O futuro já chegou a Mato Grosso. Aqui ele tem uma cara própria, porque a maioria das suas novidades estão dentro de um pacote de conhecimentos chamado de inovação. Essa nova fase vai entrar dentro de todas as residências de Mato Grosso e mudar a vida principalmente dos nossos jovens que entrarão no mercado de trabalho nos próximos anos. Será uma revolução!
Explico. Desde os anos 1980 a agricultura assumiu a liderança dentro da economia estadual. Os produtores rurais olhavam só da porteira para dentro para produzir. Foi uma fase muito sofrida de aprendizado. Pragas. Doenças. Adaptação de maquinário, de clima e de solo, etc. Os desafios eram mais de adaptação do que de prospecção de mercado e de tecnologias.
Hoje, depois de 38 anos da primeira grande safra de soja de 3,5 milhões de toneladas, em 1980, chegaremos a 2018 a 59,8 milhões de toneladas de soja, milho e algodão e próximo de 3 milhões de toneladas de carnes. Em 1980, sobrava coragem, determinação e fé nos produtores. Hoje, o desenvolvimento de tecnologias em máquinas, em biotecnologia, em técnicas de produção e de manejo, ao produtor se impõem alternativas desafiadoras: aprender a se relacionar com mercados, a lidar com a sustentabilidade ambiental, a vencer desafios graves como a logística, a carga tributária, a burocracia.
Segundo a ONU, em 2050 o mundo terá 9,73 bilhões de habitantes, dos quais 6,3 urbanos e 3,2 rurais, gerando uma demanda de alimentos na ordem de 70% mais do que agora, de energia de novos 80% e água 55%. Produzir nesse ambiente exigirá que o produtor domine completamente o cenário da porteira pra fora, olhando para o mundo.
O leitor deve estar se perguntando o que significa isso. Tento explicar de maneira sucinta dentro desses cenários do futuro próximo. Continuar produzindo matéria prima de grãos, fibras e carnes brutas, sem beneficiamento, não será sustentável. Aliás, já não é! O primeiro passo é verticalizar essa produção primária. Isso significa industrializá-la dentro do Estado para gerar mais impostos e melhores empregos. Já fazemos numa escala muito grande. Mas sempre haverá novos espaços.
O agro em nosso Estado produziu ilhas de prosperidade, cidades de primeiro mundo, mas esta riqueza ainda não esta ao alcance de todos os mato-grossenses, a maioria de nossa gente ainda vive as margens dos grandes negócios, muitos estão em cidades de economia exaurida, sem falar naqueles que apenas sobrevivem na periferia das bolhas econômicas assistindo o sucesso passar perto dos seus olhos e ao mesmo tempo longe do seu alcance de suas mãos.

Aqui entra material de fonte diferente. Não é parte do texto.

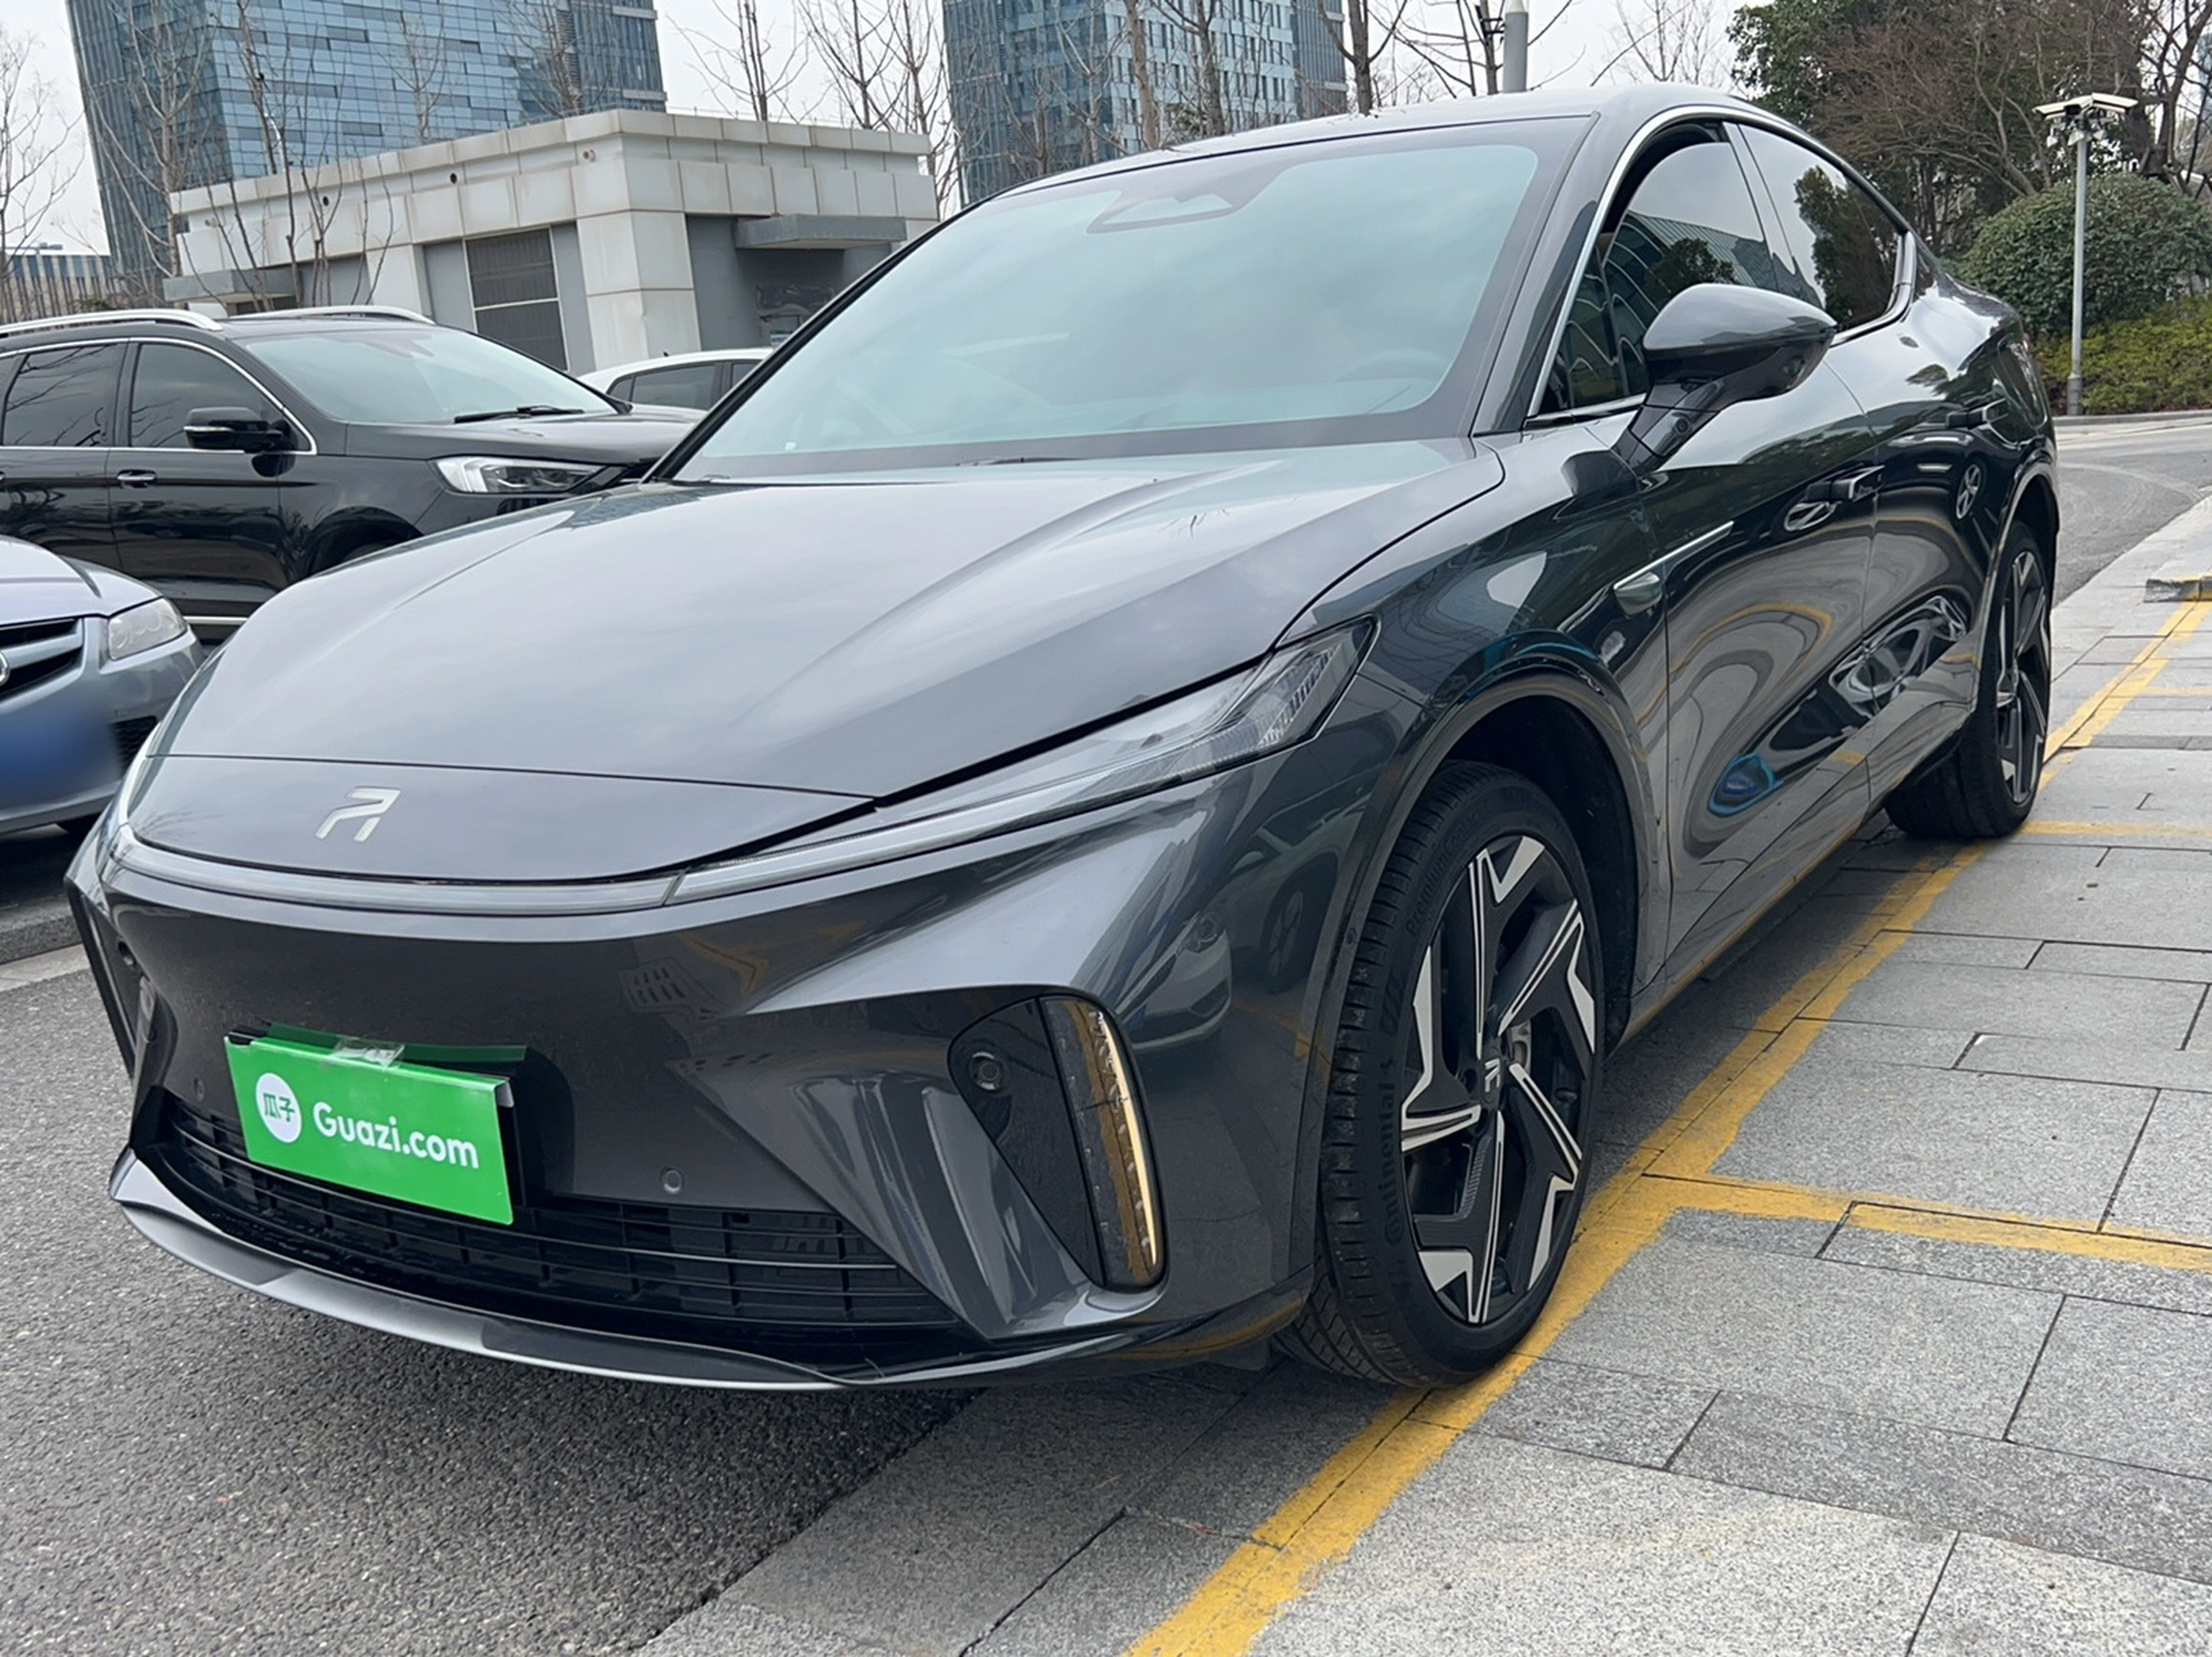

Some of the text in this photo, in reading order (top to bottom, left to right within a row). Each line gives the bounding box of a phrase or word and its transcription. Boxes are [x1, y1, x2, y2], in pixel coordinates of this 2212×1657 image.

[263, 1092, 296, 1122] 瓜子
[313, 1101, 479, 1169] Guazi.com
[1379, 1082, 1404, 1246] Continental

Aqui entram componentes novíssimos desconhecidos em 1980, como as principais tecnologias que hoje estão em destaque: drone, satélite, computação em nuvem, mobile, datasheets, bigdata e robótica. Outros recursos como Inteligência Artificial, Internet das Coisas, sensores de monitoramento e rastreamento, realizados por startups e vários serviços hoje disponíveis para os produtores rurais que há pouco tempo eram impensáveis.
Antes apenas as grandes propriedades rurais tinham condições técnicas e financeiras para implantar sistemas, como mecanização de lavouras. Hoje agricultores menores também acessam diferentes tipos de inovações digitais por meio das startups e empresas com baixo custo. A tendência é que os serviços de tecnologia e inovação se tornem ainda mais acessíveis em curto espaço de tempo, atraindo mais produtores rurais, empreendedores, investidores, pesquisadores, instituições de ensino e pesquisa e outros que possam se interessar para resolver os problemas do agro mato-grossense.
Do ponto de vista dos cidadãos esse conjunto de percepções somados, de alta produção tecnológica verticalizada e depois na fase das inovações, vai resultar na completa transformação dos sistemas de educação, de novas áreas para profissionais e empregos melhor qualificados, melhores condições de vida e remuneração mais elevada. É a terceira revolução que já chegou. No primeiro momento, restrita aos produtores, no segundo à agroindústria e na terceira, às inovações que se espalharão por toda a sociedade mato-grossense, atingindo principalmente a sua juventude.
Enxergo esse futuro de amanhã com o mais otimista dos olhares e com a convicção de que ele nos atropelará se não nos prepararmos pra recebê-lo já. Somente desta forma chegaremos a verdadeira inclusão, que é construir Mato Grosso para todos os mato-grossenses.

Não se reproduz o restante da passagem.